Armenia - President Serzh Sarkisian (R) visits wounded opposition presidential candidate Paruyr Hayrikian at a Yerevan hospital, 01Feb2013.
The Armenian government made a decision on Thursday to allocate funds for further treatment abroad of a presidential candidate, who survived an apparent assassination attempt during the election campaign earlier this year and is now grappling with the consequences of a gunshot wound.

Paruyr Hayrikian was hit in the collar-bone in a close-range shooting attack on January 31. Doctors who have treated the 63-year-old Soviet-era dissident in a Yerevan hospital said the wound was healing well after the removal of the bullet.

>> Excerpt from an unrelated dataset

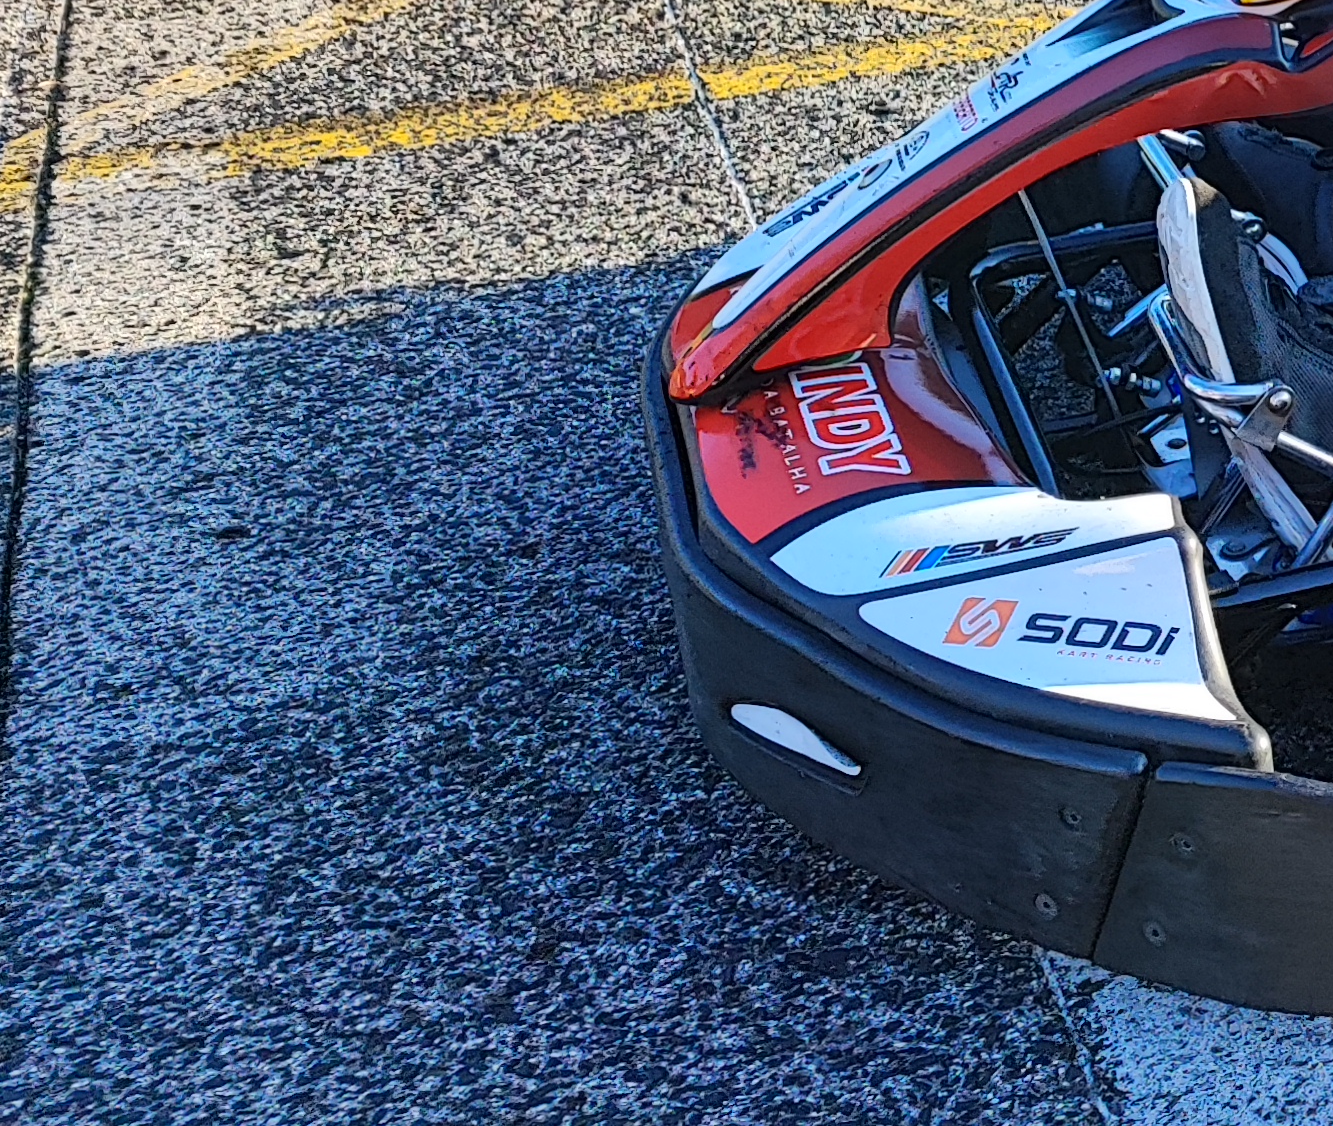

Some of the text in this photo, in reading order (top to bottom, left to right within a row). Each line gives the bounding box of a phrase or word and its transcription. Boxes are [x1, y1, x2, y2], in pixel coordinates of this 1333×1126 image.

[770, 405, 811, 496] BATALHA
[938, 526, 1080, 564] SWS
[1056, 649, 1162, 666] KART RACING

But they gave a less optimistic forecast for a successful treatment of Hayrikian’s nervous system which they said had also been damaged by the bullet.

Specialists in Yerevan recommended that Hayrikian seek correspondent medical treatment that is available only in foreign clinics.

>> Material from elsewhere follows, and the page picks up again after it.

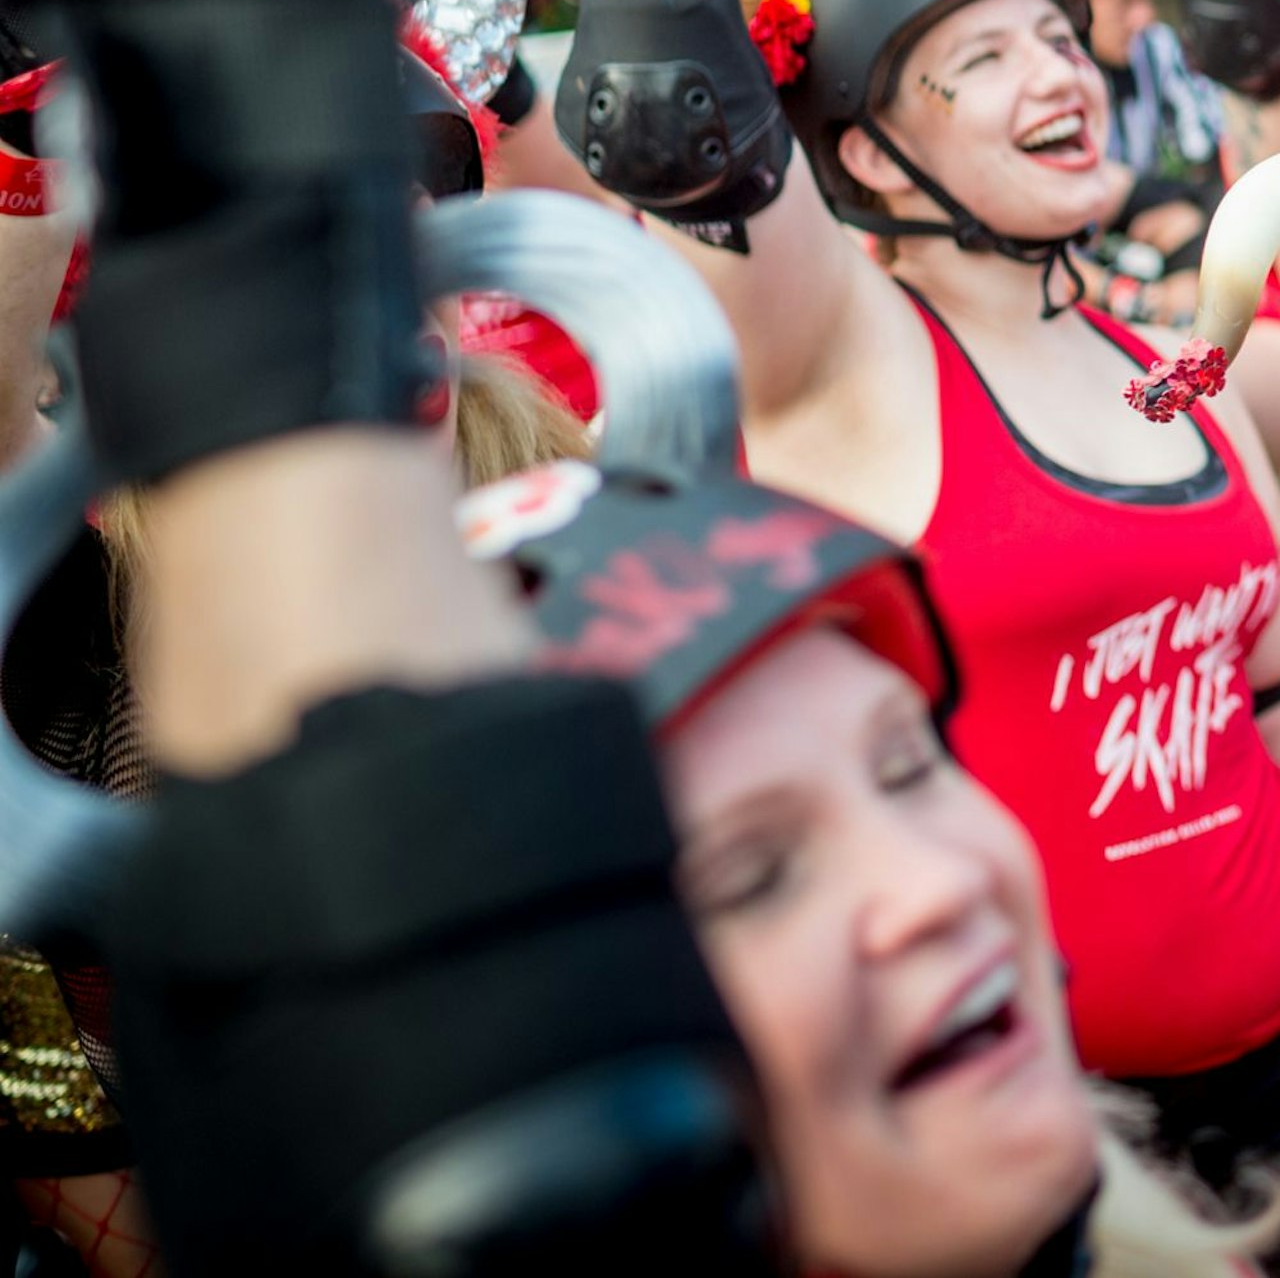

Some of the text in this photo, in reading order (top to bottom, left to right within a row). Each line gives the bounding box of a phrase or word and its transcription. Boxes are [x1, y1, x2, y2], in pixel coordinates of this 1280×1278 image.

[1051, 653, 1074, 712] I
[1083, 596, 1178, 699] JUST
[1089, 627, 1244, 818] SKATE

An equivalent of nearly $50,000 earmarked by the government will serve the purpose of covering the medical expenses of Hayrikian, who has complained of continuing aches and difficulty in moving his right arm in recent weeks.

A Hayrikian aide told RFE/RL’s Armenian Service (Azatutyun.am) on Thursday that the veteran politician had left for the Netherlands earlier in the morning. He said Hayrikian would be treated at one of clinics in Rotterdam, but found it difficult to say how much this treatment would eventually cost him.

Earlier this month Armenia’s National Security Service (NSS) arrested another former candidate, thitherto little-known Vardan Sedrakian, on suspicion of masterminding the crime against Hayrikian that was allegedly carried out by two gunmen detained within a little more than a week after the attack.

Sedrakian has strongly denied the charge, claiming to have been framed up. The self-styled scholar himself predicted his arrest one week before the February 18 presidential election. He told media then that the authorities would exploit the fact that he personally knew the two men accused of shooting and wounding Hayrikian.

Last week Hayrikian again criticized law-enforcement authorities for failing to solve the crime despite having three people under arrest.

At a press conference on March 20 the former candidate’s lawyer Levon Baghdasarian said that his client believed Sedrakian and the two other suspects had only “a tiny part in the monstrous crime.” Hayrikian, therefore, demanded that investigators from the NSS “identify the real mastermind within a reasonable period.”